## WORK INSTRUCTION
Your task is to copy the listing exactly. Drop any pictures from the copy.

## DATA SECTION
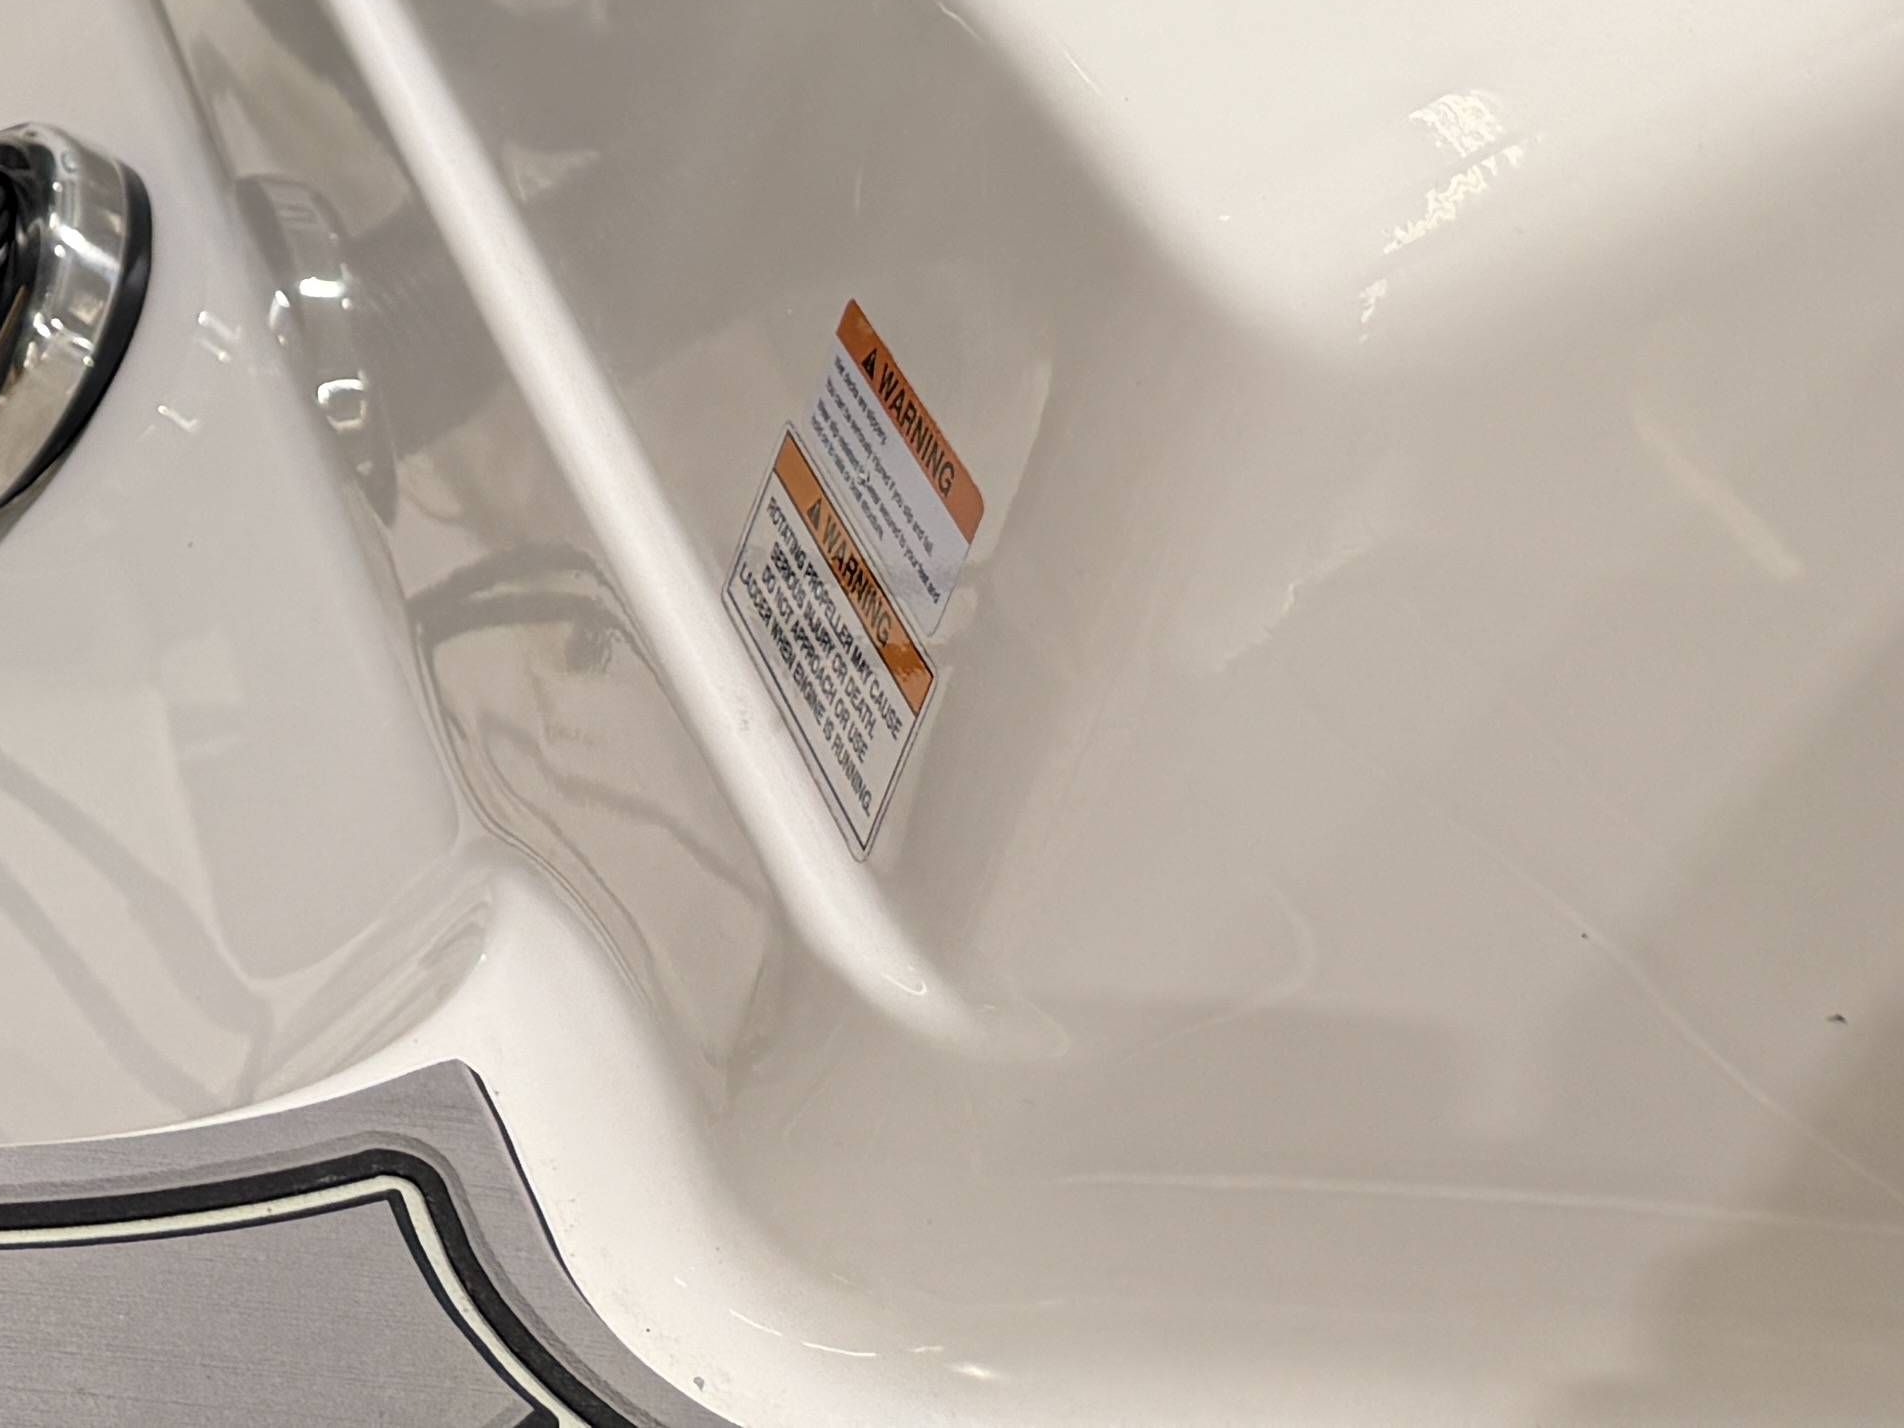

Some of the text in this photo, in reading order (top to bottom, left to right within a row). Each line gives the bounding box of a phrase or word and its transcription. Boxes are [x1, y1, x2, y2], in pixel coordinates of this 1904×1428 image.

[873, 360, 958, 499] WARNING
[738, 560, 773, 628] LADDER
[768, 616, 796, 672] WHEN
[791, 659, 827, 727] ENGINE
[821, 715, 835, 744] IS
[765, 492, 903, 742] ROTATING PROPELLER MAY CAUSE
[768, 538, 807, 612] SERIOUS
[802, 597, 836, 662] INJURY
[829, 648, 849, 687] OR
[818, 511, 895, 650] WARNING
[760, 562, 869, 766] DO NOT APPROACH OR USE
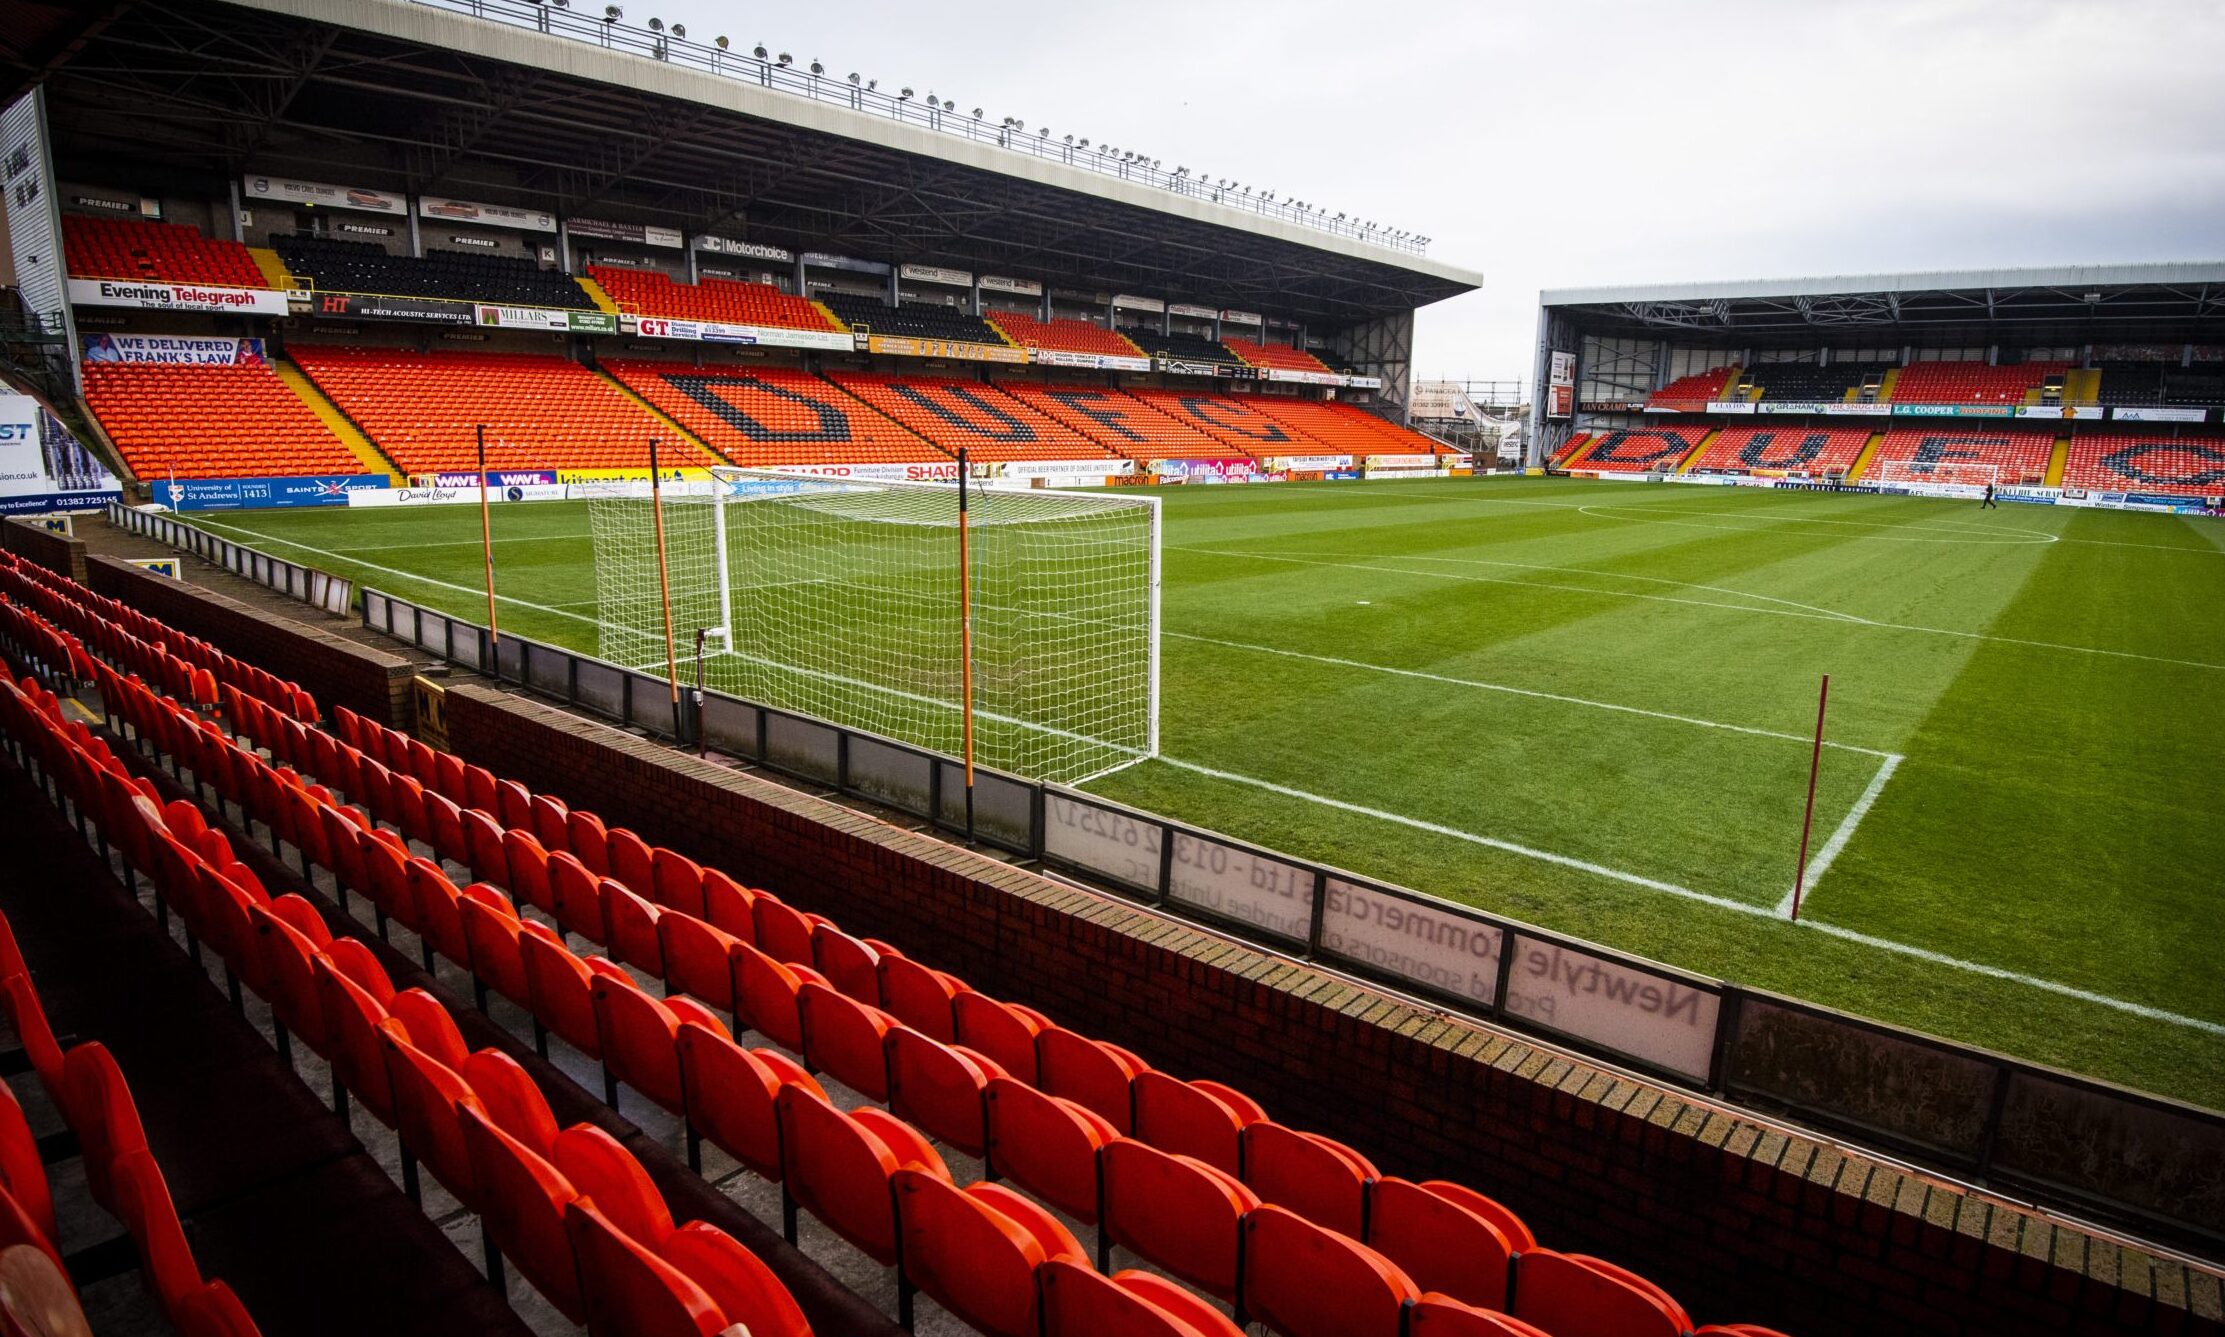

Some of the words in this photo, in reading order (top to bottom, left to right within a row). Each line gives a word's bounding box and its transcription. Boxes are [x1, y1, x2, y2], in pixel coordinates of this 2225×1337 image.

[79, 198, 130, 210] PREMIER
[344, 225, 388, 236] PREMIER
[455, 237, 495, 247] PREMIER
[544, 250, 551, 258] K
[726, 239, 788, 260] Motorchoice
[100, 283, 170, 303] Evening
[172, 287, 256, 307] Telegraph
[141, 301, 156, 309] The
[184, 303, 203, 311] local
[322, 297, 350, 313] HT
[361, 308, 392, 316] HI-TECH
[392, 310, 426, 318] ACOUSTIC
[426, 311, 458, 320] SERVICES
[501, 309, 548, 321] MILLARS
[640, 319, 670, 336] G.T.
[757, 329, 784, 339] Norman
[786, 331, 817, 341] Jamieson
[117, 337, 144, 350] WE
[148, 338, 233, 352] DELIVERED
[126, 352, 192, 363] FRANK'S
[197, 353, 232, 365] LAW
[1894, 405, 1912, 414] L.G.
[1914, 406, 1954, 415] COOPER
[854, 466, 880, 474] Furniture
[881, 466, 904, 474] Division
[1017, 465, 1037, 474] OFFICIAL
[1050, 465, 1069, 473] PARTNER
[1076, 464, 1092, 472] DUNDEE
[1093, 464, 1107, 472] UNITED
[1107, 464, 1114, 472] FC
[1191, 463, 1216, 476] utilita
[1225, 463, 1250, 475] utilita
[1114, 475, 1149, 487] macron
[186, 484, 222, 492] University
[223, 483, 232, 491] of
[742, 484, 766, 494] Living
[776, 484, 794, 493] style
[187, 492, 198, 500] St
[199, 491, 238, 500] Andrews
[243, 489, 268, 499] 1413
[398, 489, 431, 501] David
[432, 488, 456, 501] Lloyd
[56, 498, 85, 506] 01382

## SOLUTION TO THE PROBLEM
Some of the text in this photo, in reading order (top to bottom, left to right within a row). Each line gives the bounding box of a phrase or word and its transcription. Boxes are [x1, y1, x2, y2], in pixel coordinates of this 1904×1428 image.

[873, 360, 958, 499] WARNING
[738, 560, 773, 628] LADDER
[768, 616, 796, 672] WHEN
[791, 659, 827, 727] ENGINE
[821, 715, 835, 744] IS
[765, 492, 903, 742] ROTATING PROPELLER MAY CAUSE
[768, 538, 807, 612] SERIOUS
[802, 597, 836, 662] INJURY
[829, 648, 849, 687] OR
[818, 511, 895, 650] WARNING
[760, 562, 869, 766] DO NOT APPROACH OR USE

Some of the words in this photo, in reading order (top to bottom, left to right within a row). Each line gives a word's bounding box and its transcription. Boxes are [x1, y1, x2, y2], in pixel coordinates of this 2225×1337 image.

[79, 198, 130, 210] PREMIER
[344, 225, 388, 236] PREMIER
[455, 237, 495, 247] PREMIER
[544, 250, 551, 258] K
[726, 239, 788, 260] Motorchoice
[100, 283, 170, 303] Evening
[172, 287, 256, 307] Telegraph
[141, 301, 156, 309] The
[184, 303, 203, 311] local
[322, 297, 350, 313] HT
[361, 308, 392, 316] HI-TECH
[392, 310, 426, 318] ACOUSTIC
[426, 311, 458, 320] SERVICES
[501, 309, 548, 321] MILLARS
[640, 319, 670, 336] G.T.
[757, 329, 784, 339] Norman
[786, 331, 817, 341] Jamieson
[117, 337, 144, 350] WE
[148, 338, 233, 352] DELIVERED
[126, 352, 192, 363] FRANK'S
[197, 353, 232, 365] LAW
[1894, 405, 1912, 414] L.G.
[1914, 406, 1954, 415] COOPER
[854, 466, 880, 474] Furniture
[881, 466, 904, 474] Division
[1017, 465, 1037, 474] OFFICIAL
[1050, 465, 1069, 473] PARTNER
[1076, 464, 1092, 472] DUNDEE
[1093, 464, 1107, 472] UNITED
[1107, 464, 1114, 472] FC
[1191, 463, 1216, 476] utilita
[1225, 463, 1250, 475] utilita
[1114, 475, 1149, 487] macron
[186, 484, 222, 492] University
[223, 483, 232, 491] of
[742, 484, 766, 494] Living
[776, 484, 794, 493] style
[187, 492, 198, 500] St
[199, 491, 238, 500] Andrews
[243, 489, 268, 499] 1413
[398, 489, 431, 501] David
[432, 488, 456, 501] Lloyd
[56, 498, 85, 506] 01382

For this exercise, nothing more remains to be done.